Bonjour,
Depuis deux jours, nous retournons tous à l'école et je vous parle des
beaux... et des "moins beaux" côtés de la réalité nivane. Les enfants ne
sont pas figés dans leurs uniformes d'écolier, vous vous en doutez. Mais
que font-ils après l'école ?
Une chose est certaine, ils trouvent à s'occuper.
Et personne ne s'ennuie
Parlons de ma petite copine, Alice, du village de Waterfall, à
Pentecôte. Je la rencontre pour la première fois sur la plage, avec son
petit frère et ses soeurs. Les enfants inventent des jeux de lancer de
cailloux ou de galets sur la plage, juste à la frange d'écume que forme
la mer calme. Ils courent sur la plage, ou devisent et chantent à
l'ombre d'arbres séculaires. Une vie simple d'enfants heureux. On les
voit rire, beaucoup rire! Ils sont timides, avec leur nez qui coule,
leurs mains qu'ils mettent devant la bouche et les yeux qui plissent de
malice.
Tandis que je les observe, je me demande ce qui leur manque...
Et je repense à notre Escale au Panama
J'avais été surprise aux San Blas de voir beaucoup d'objets en
plastiques. La majorité des logis sont encore faits de matières
végétales, telles que le bambou, le pandanus, le palmier, et toutes
sortes de bois, tout comme ici. Mais les Indiens kuna sont envahis par
le plastique. Les enfants reçoivent de la famille qui travaille à Panama
City les jouets conçus dans les pays asiatiques et inventés par le monde
moderne. On trouve à côté des huttes, des jambes, des corps, des têtes
de poupées, des voitures en ferraille... Et la gestion des déchets ne
fait pas partie de leurs moeurs. Il y a peu de temps, ils en étaient aux
détritus végétaux, qu'ils balançaient à la mer. Quelle pitié lorsque
nous assistions au même traitement pour tous ces objets non dégradables!

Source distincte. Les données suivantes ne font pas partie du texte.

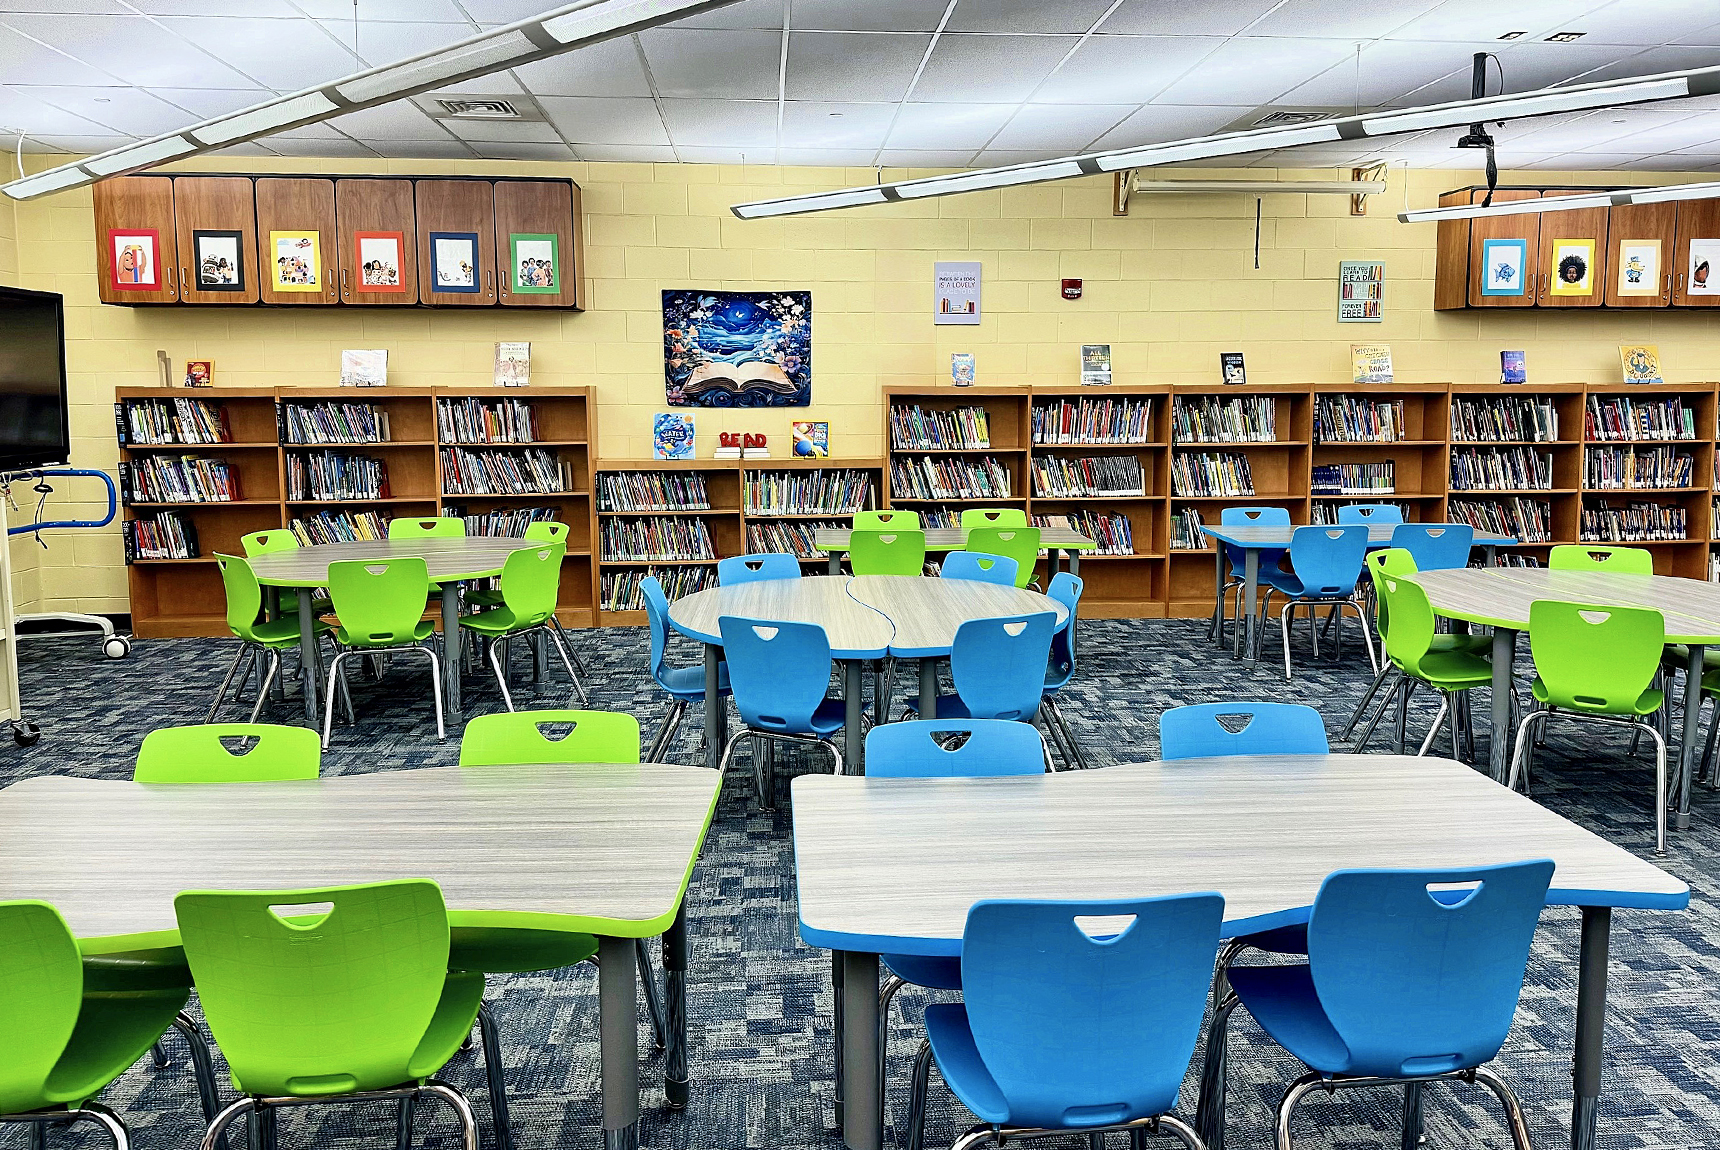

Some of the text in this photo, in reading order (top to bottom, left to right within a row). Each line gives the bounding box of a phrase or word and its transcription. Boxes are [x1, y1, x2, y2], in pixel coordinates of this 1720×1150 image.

Si je vous parle des Indiens Kuna dans ce sujet, ce n'est pas pour vous
perdre... Mais plutôt pour bien vous faire comprendre tout le plaisir
que nous avons eu, à voir des villages, des chemins, des îles entières
complètement préservées de ce tableau d'immondices "modernes".
Les enfants en sont-ils plus malheureux?
Je ne le pense pas. Ils tissent des sacs en fibres, ils aident leurs
parents à nourrir les cochons, les poules, et tout le bétail qui servira
à nourrir la famille. Loin d'une corvée, cela fait partie de leur vie,
et on les voit chanter, rire, et s'amuser en participant à ces tâches.
Le seul jouet que nous ayons vu est celui d'un gosse ingénieux, qui
avait taillé une longue branche au bout de laquelle il avait fixé une
roue avec des fibres de coco. Il courait en poussant sa roue.
Lorsqu'une envie de friandise leur monte aux papilles, ils escaladent un
papayé ou tout autre arbre dont ils descendent de délicieux, et juteux
fruits!
Le soir à la lumière de lampes à pétrole, ou du feu allumé dans la cour,
les mamans et les papas enseignent à leurs enfants les chants et les
danses d'autrefois. Les enfants ont tissé leur propre costume. Ils ont
coupé les bambous et disposé des pierres au sol. Ils tapent sur la
pierre à l'aide du bambou et cela donne un bruit de percussion qui
lorsque toute la famille s'y met en rythme donne une bien agréable
musique sous les étoiles qui ne sont pas gênées de briller dans un
firmament tout noir. Aucune pollution lumineuse, pas un bruit, la vie...
Telle qu'elle se passe dans les îles préservées du Pacifique.